[Start of Attachment]

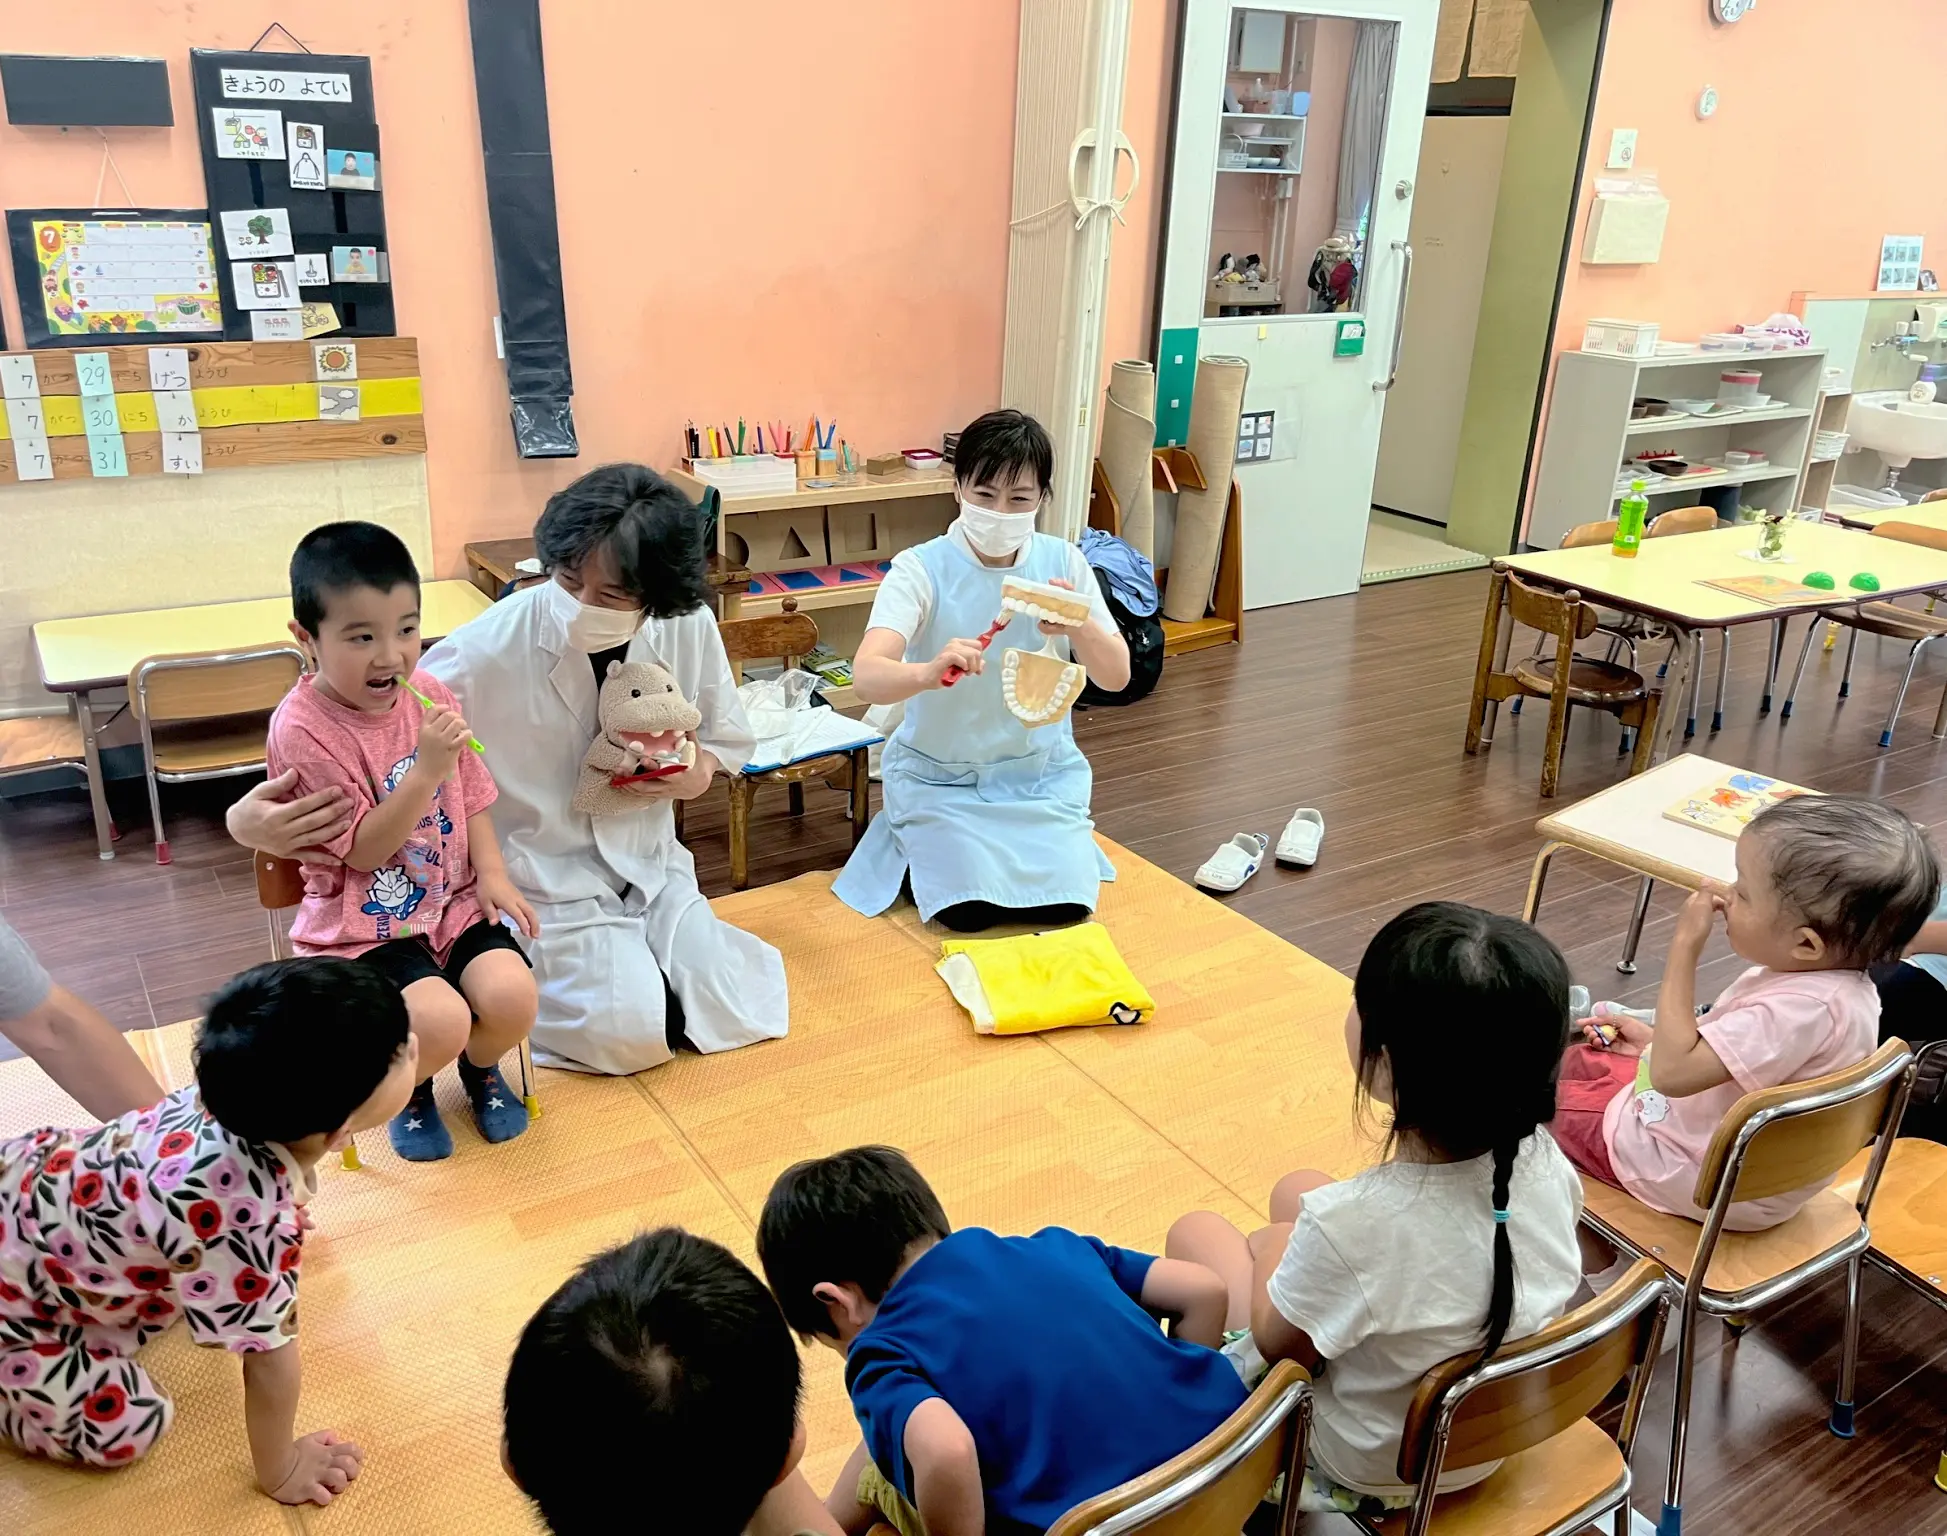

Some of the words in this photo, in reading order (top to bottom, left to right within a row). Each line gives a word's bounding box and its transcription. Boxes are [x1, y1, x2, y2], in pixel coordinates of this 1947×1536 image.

[224, 74, 285, 94] きょうの
[300, 78, 348, 96] よてい
[43, 230, 56, 244] 7
[21, 375, 33, 389] 7
[81, 366, 106, 387] 29
[116, 371, 142, 382] にち
[154, 371, 187, 388] げつ
[195, 368, 229, 379] ようび
[27, 415, 38, 430] 7
[50, 414, 77, 425] がつ
[90, 409, 114, 427] 30
[123, 411, 148, 422] にち
[178, 415, 193, 427] か
[200, 407, 232, 419] ようび
[33, 454, 45, 470] 7
[98, 450, 118, 470] 31
[169, 455, 199, 470] すい
[206, 444, 237, 456] ようび
[425, 848, 443, 868] UL
[377, 914, 391, 940] ZERO
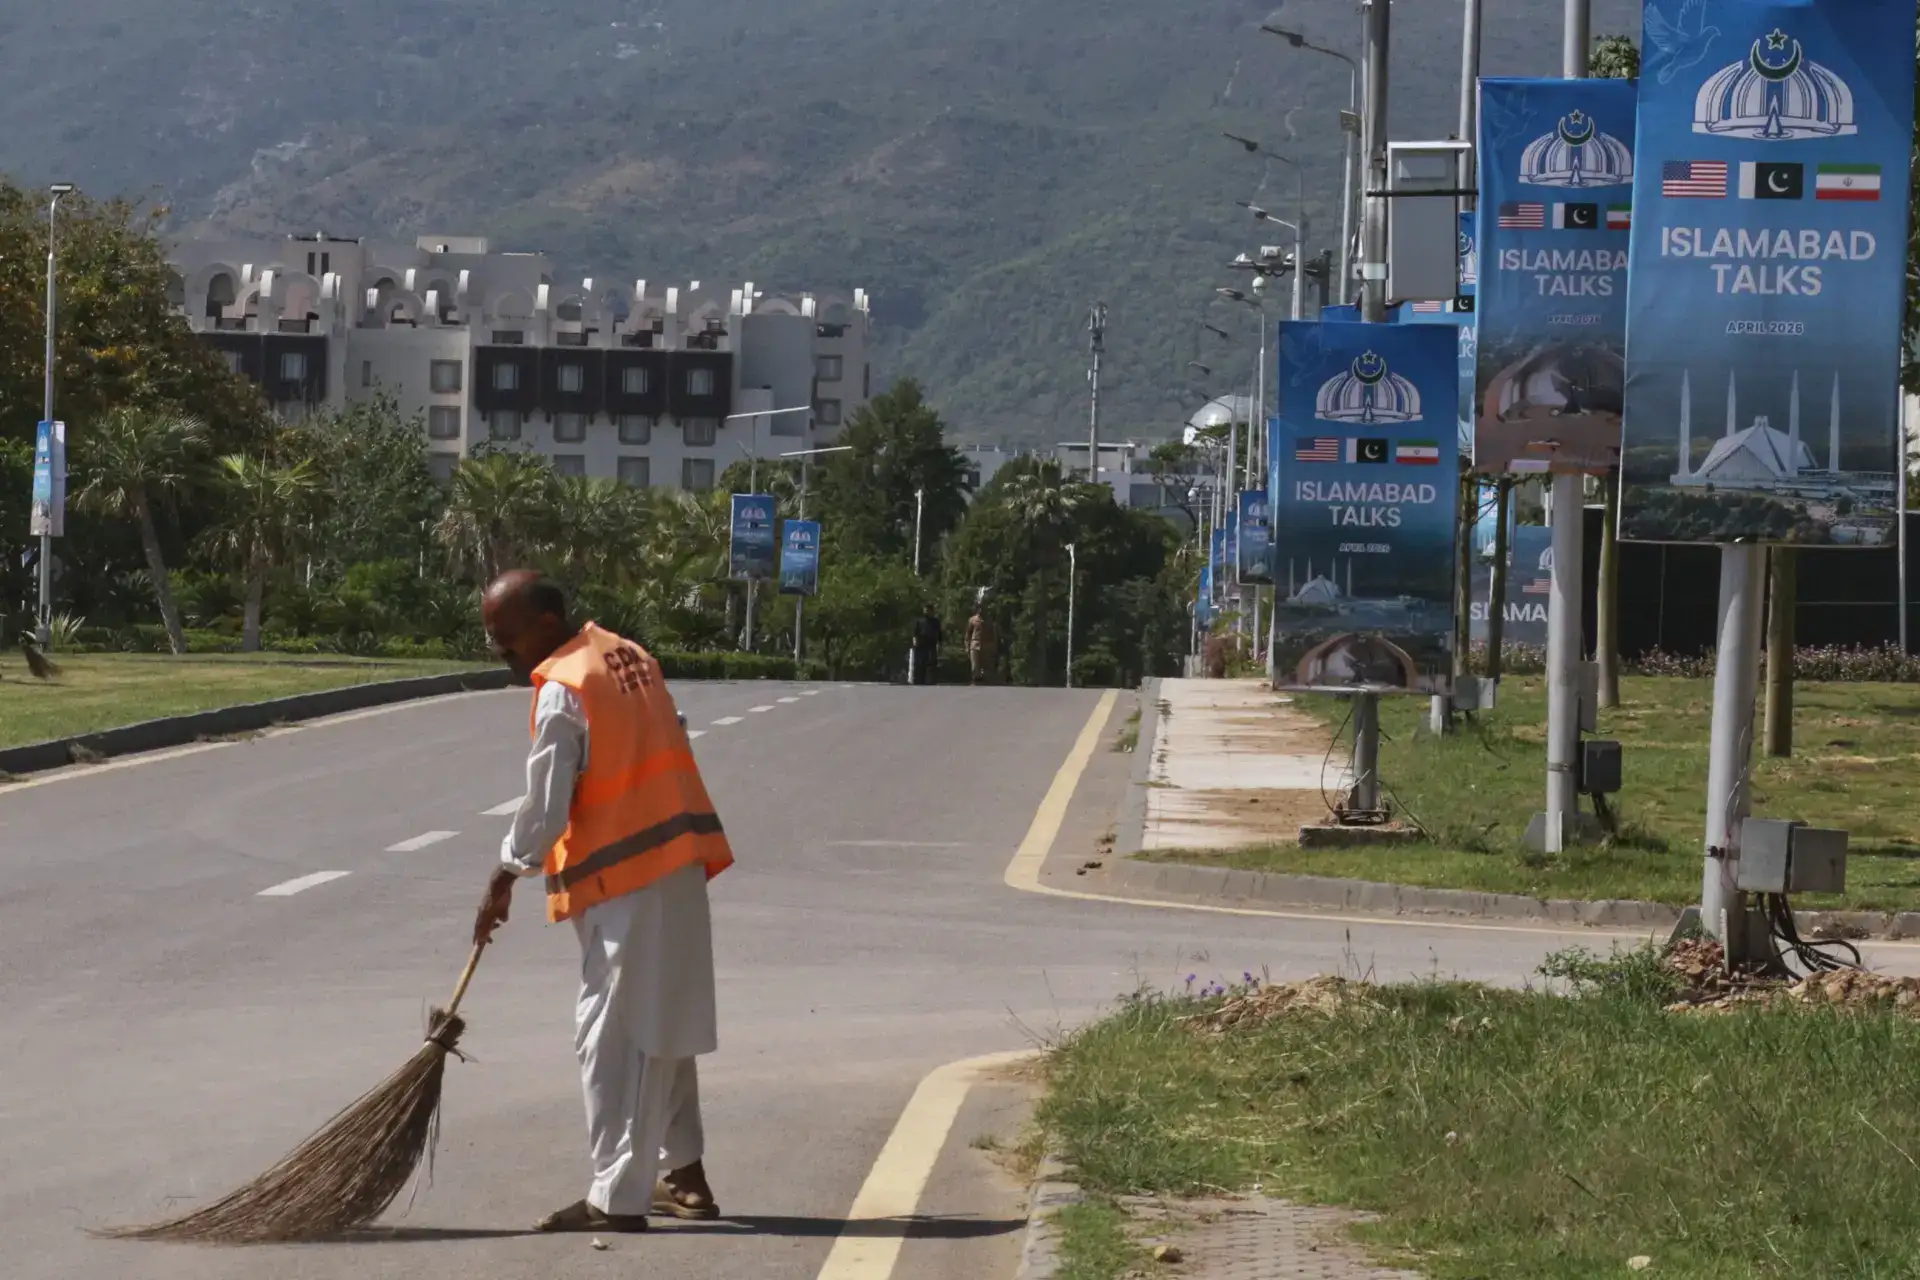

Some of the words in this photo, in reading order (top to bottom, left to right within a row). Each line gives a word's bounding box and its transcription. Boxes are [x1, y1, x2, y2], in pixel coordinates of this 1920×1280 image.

[1661, 227, 1877, 261] ISLAMABAD
[1498, 248, 1630, 272] ISLAMABA
[1535, 274, 1613, 297] TALKS
[1710, 264, 1822, 297] TALKS
[1725, 320, 1767, 335] APRIL
[1768, 321, 1804, 336] 2026
[1295, 480, 1437, 504] ISLAMABAD
[1328, 505, 1402, 527] TALKS

[End of Attachment]

#### Problem details
Would you reproduce the listing above in full and exactly, without its pictures?

#### Expected answer
Some of the words in this photo, in reading order (top to bottom, left to right within a row). Each line gives a word's bounding box and its transcription. Boxes are [x1, y1, x2, y2], in pixel coordinates of this 1947×1536 image.

[224, 74, 285, 94] きょうの
[300, 78, 348, 96] よてい
[43, 230, 56, 244] 7
[21, 375, 33, 389] 7
[81, 366, 106, 387] 29
[116, 371, 142, 382] にち
[154, 371, 187, 388] げつ
[195, 368, 229, 379] ようび
[27, 415, 38, 430] 7
[50, 414, 77, 425] がつ
[90, 409, 114, 427] 30
[123, 411, 148, 422] にち
[178, 415, 193, 427] か
[200, 407, 232, 419] ようび
[33, 454, 45, 470] 7
[98, 450, 118, 470] 31
[169, 455, 199, 470] すい
[206, 444, 237, 456] ようび
[425, 848, 443, 868] UL
[377, 914, 391, 940] ZERO

Some of the words in this photo, in reading order (top to bottom, left to right within a row). Each line gives a word's bounding box and its transcription. Boxes are [x1, y1, x2, y2], in pixel coordinates of this 1920×1280 image.

[1661, 227, 1877, 261] ISLAMABAD
[1498, 248, 1630, 272] ISLAMABA
[1535, 274, 1613, 297] TALKS
[1710, 264, 1822, 297] TALKS
[1725, 320, 1767, 335] APRIL
[1768, 321, 1804, 336] 2026
[1295, 480, 1437, 504] ISLAMABAD
[1328, 505, 1402, 527] TALKS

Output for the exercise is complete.